■ **EXERCISE OBJECTIVE**
Set down each line of the data below exactly as it stands, dropping the pictures.

■ **RECORD EXTRACTS**
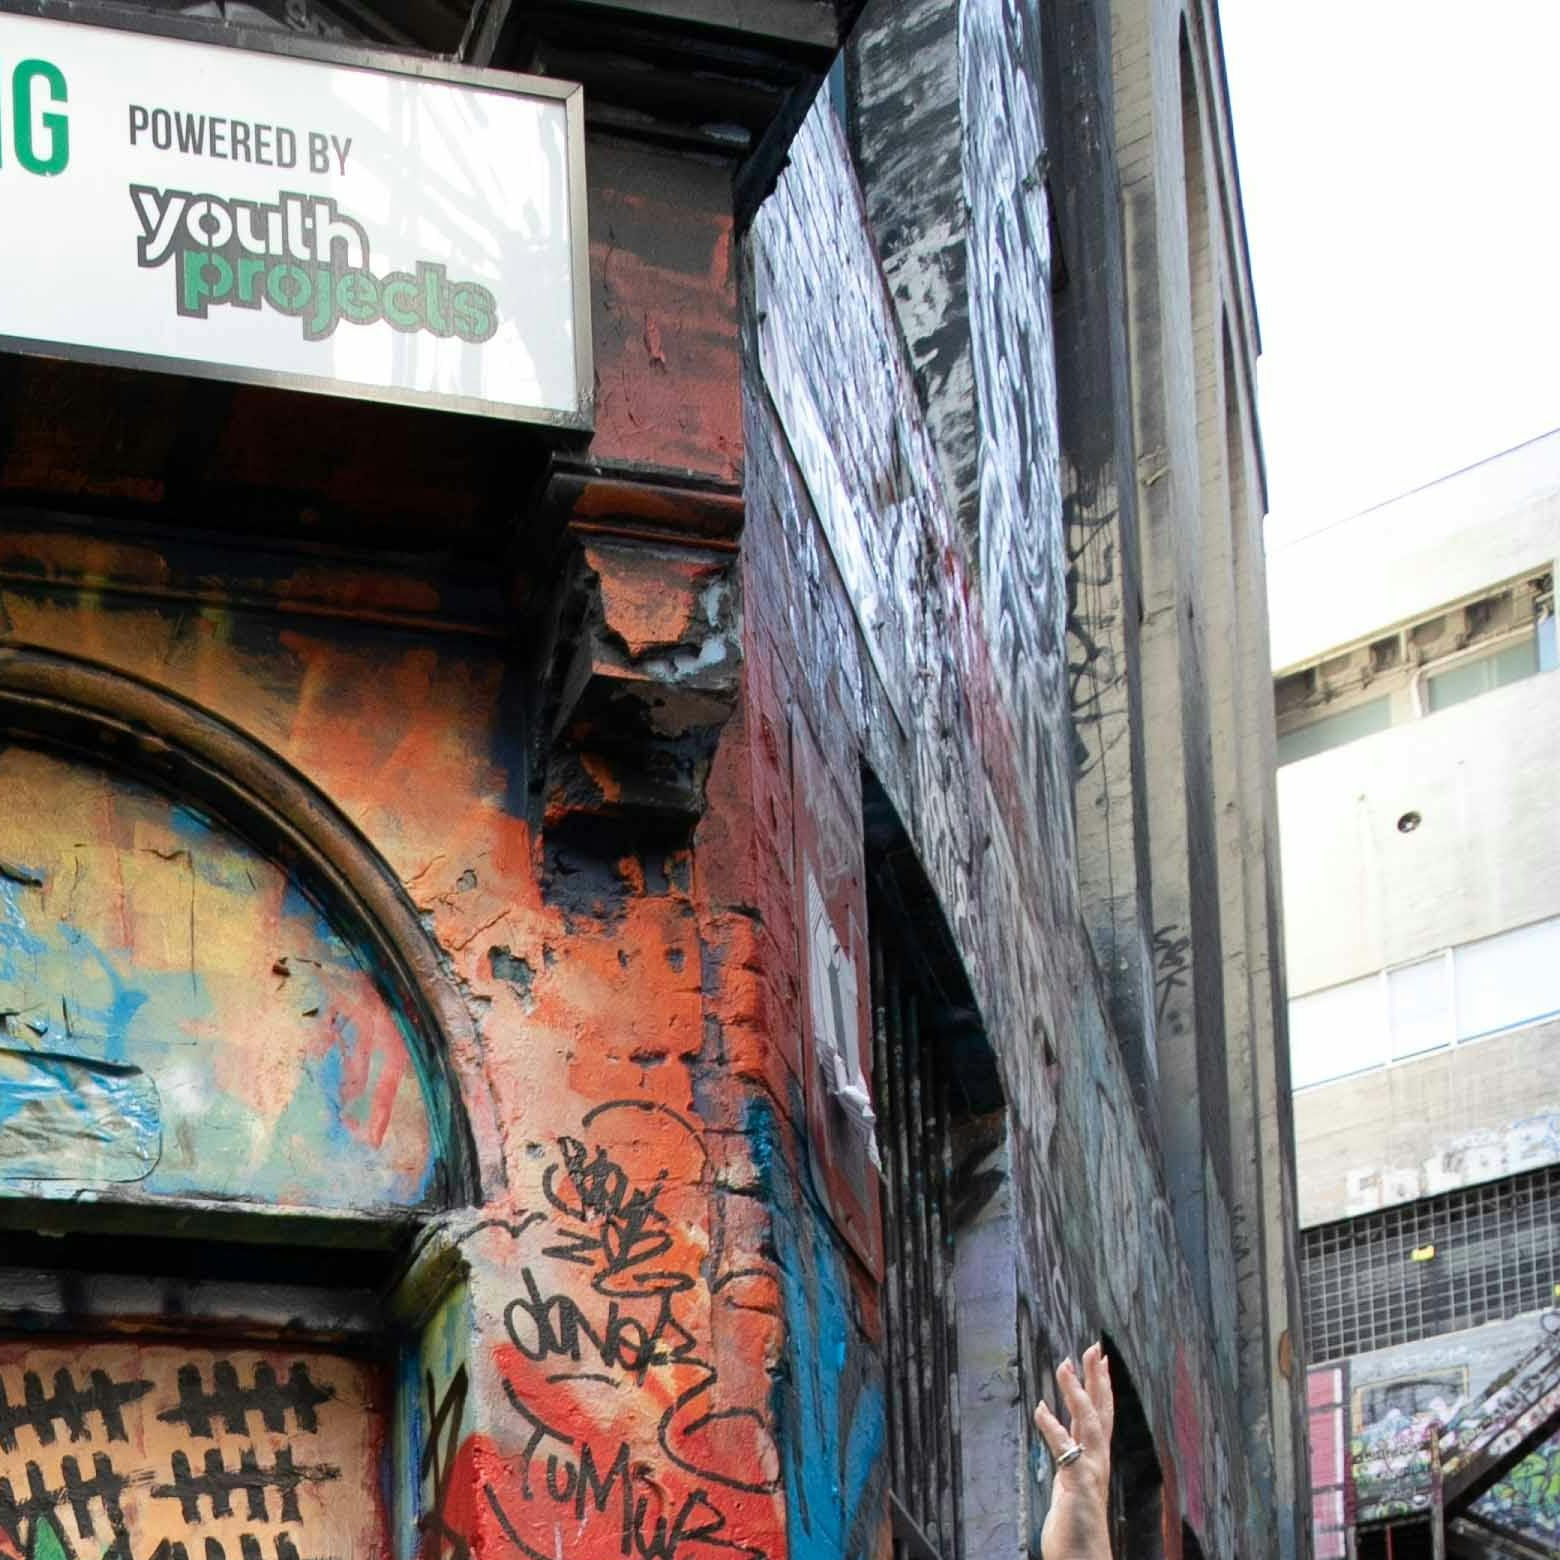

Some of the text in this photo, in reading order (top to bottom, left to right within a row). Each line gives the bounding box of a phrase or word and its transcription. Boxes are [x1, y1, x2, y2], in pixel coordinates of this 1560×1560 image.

[128, 104, 352, 176] POWERED BY
[129, 183, 370, 268] youth
[175, 249, 498, 344] projects
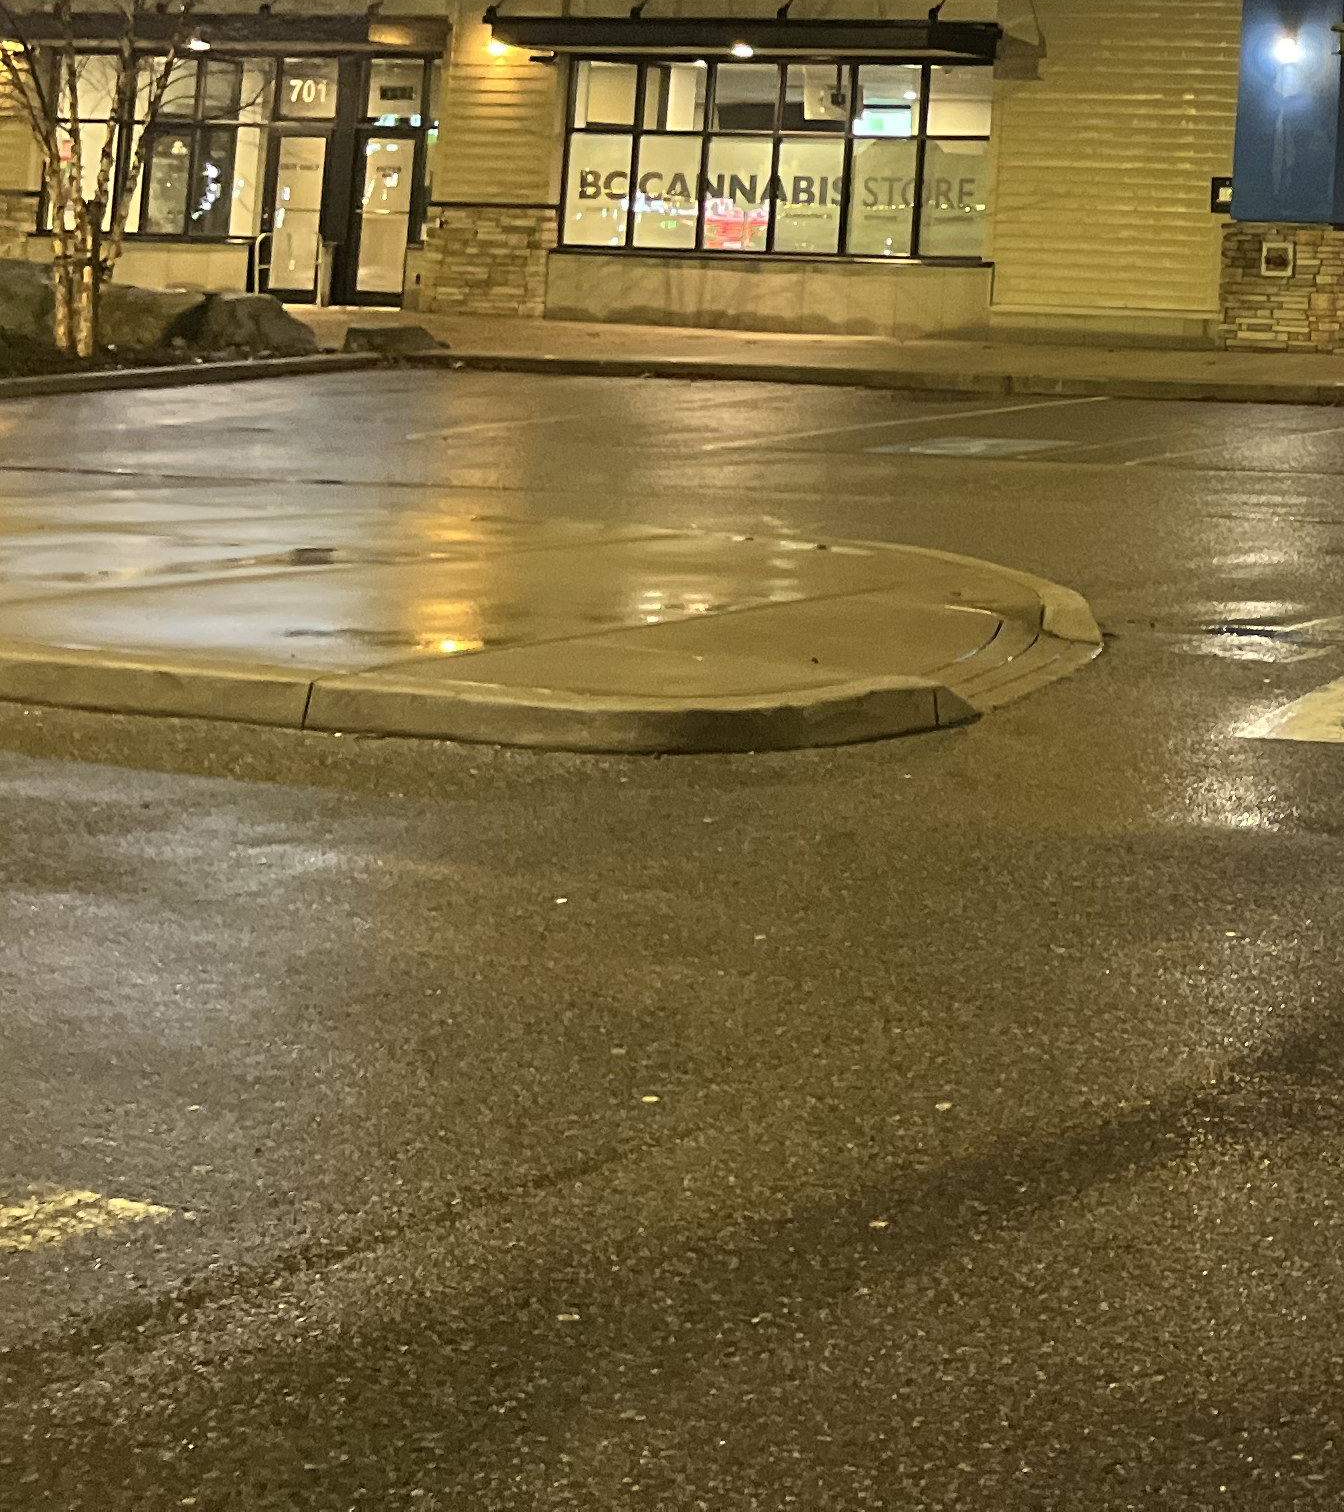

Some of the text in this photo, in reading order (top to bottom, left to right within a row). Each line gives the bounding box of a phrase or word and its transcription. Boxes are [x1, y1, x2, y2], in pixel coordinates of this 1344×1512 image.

[290, 79, 327, 103] 701
[579, 169, 629, 200] BC
[638, 172, 853, 207] CANNABIS
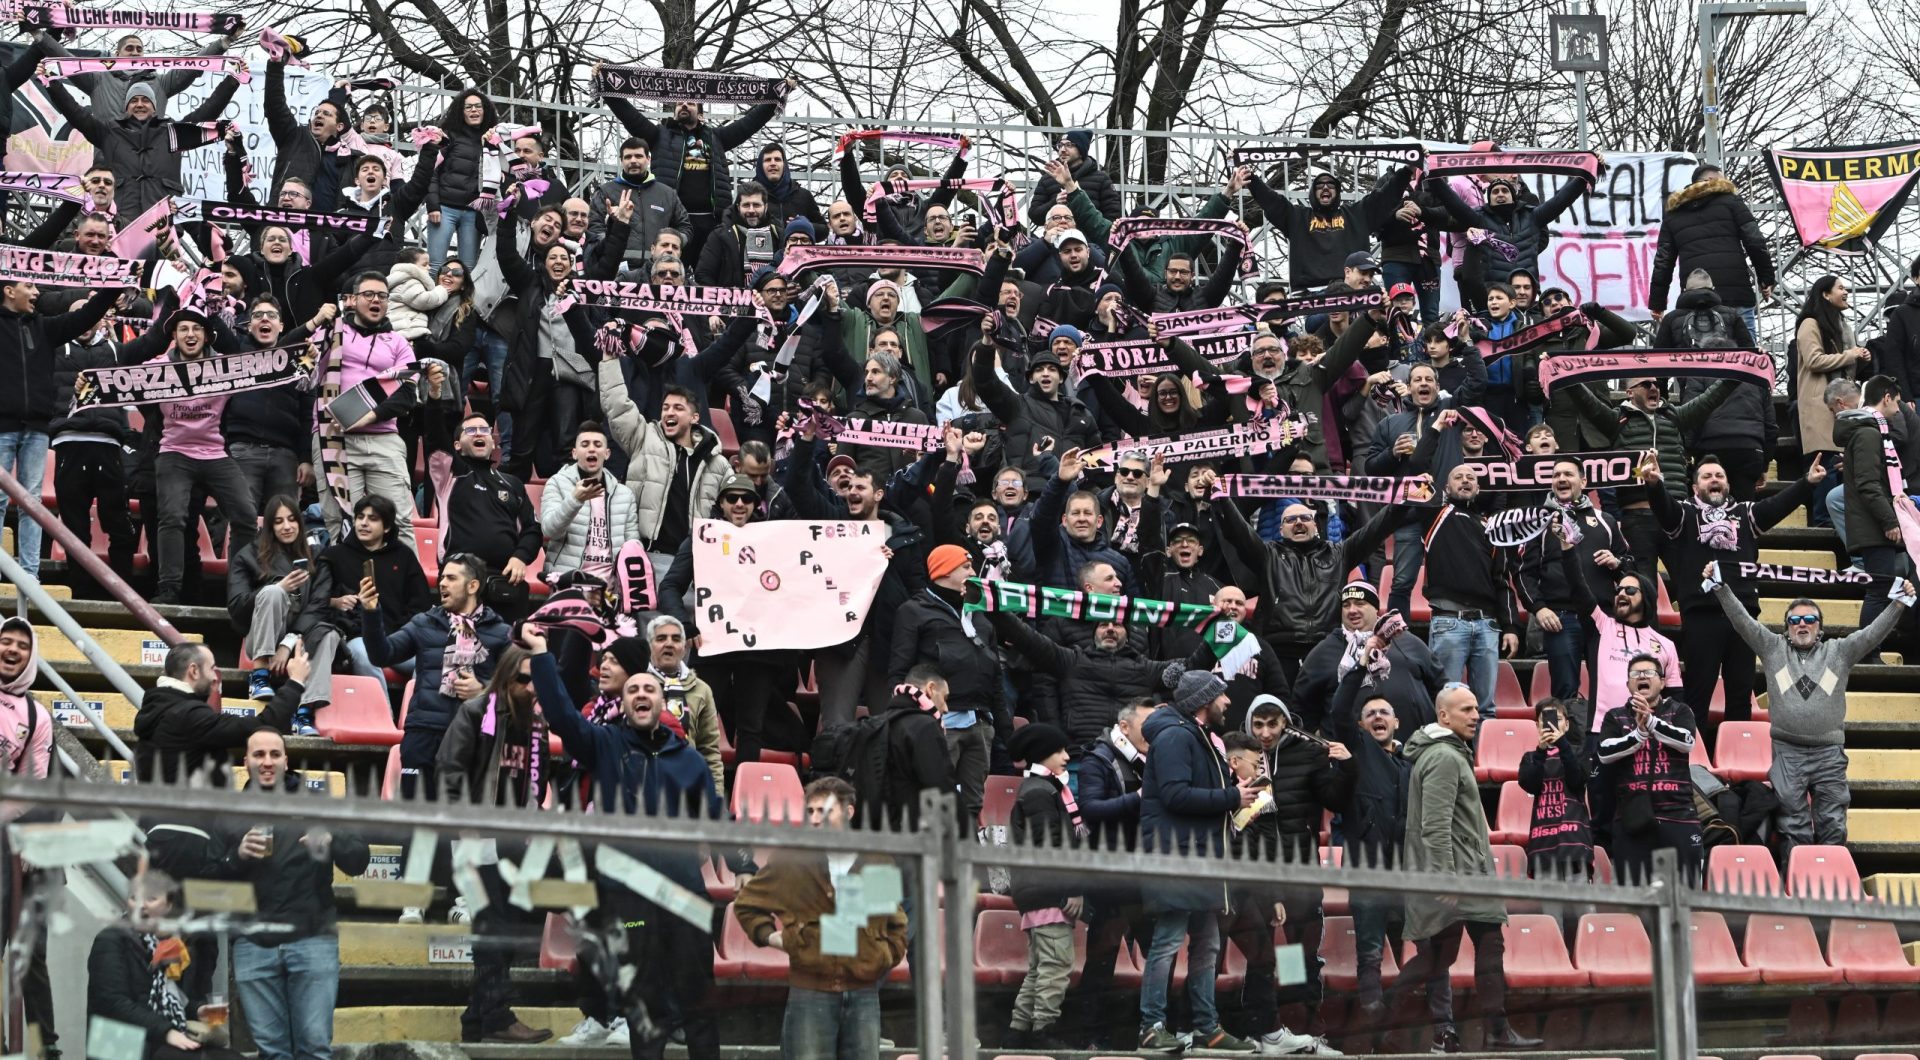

■ **REPLY TO THE TASK**
Some of the text in this photo, in reading order (top to bottom, left to right within a row). Each line gives the bounding box of a phrase or word and its transcription. Boxes are [x1, y1, x2, y2], in pixel coordinates of this 1560×1560 image.

[128, 104, 352, 176] POWERED BY
[129, 183, 370, 268] youth
[175, 249, 498, 344] projects

Some of the text in this photo, in reading order (top to bottom, left to right within a row). Each line gives the bounding box of a phrase or word and its transcription. Boxes are [x1, y1, x2, y2], in pixel coordinates of this 1344×1512 image.

[290, 79, 327, 103] 701
[579, 169, 629, 200] BC
[638, 172, 853, 207] CANNABIS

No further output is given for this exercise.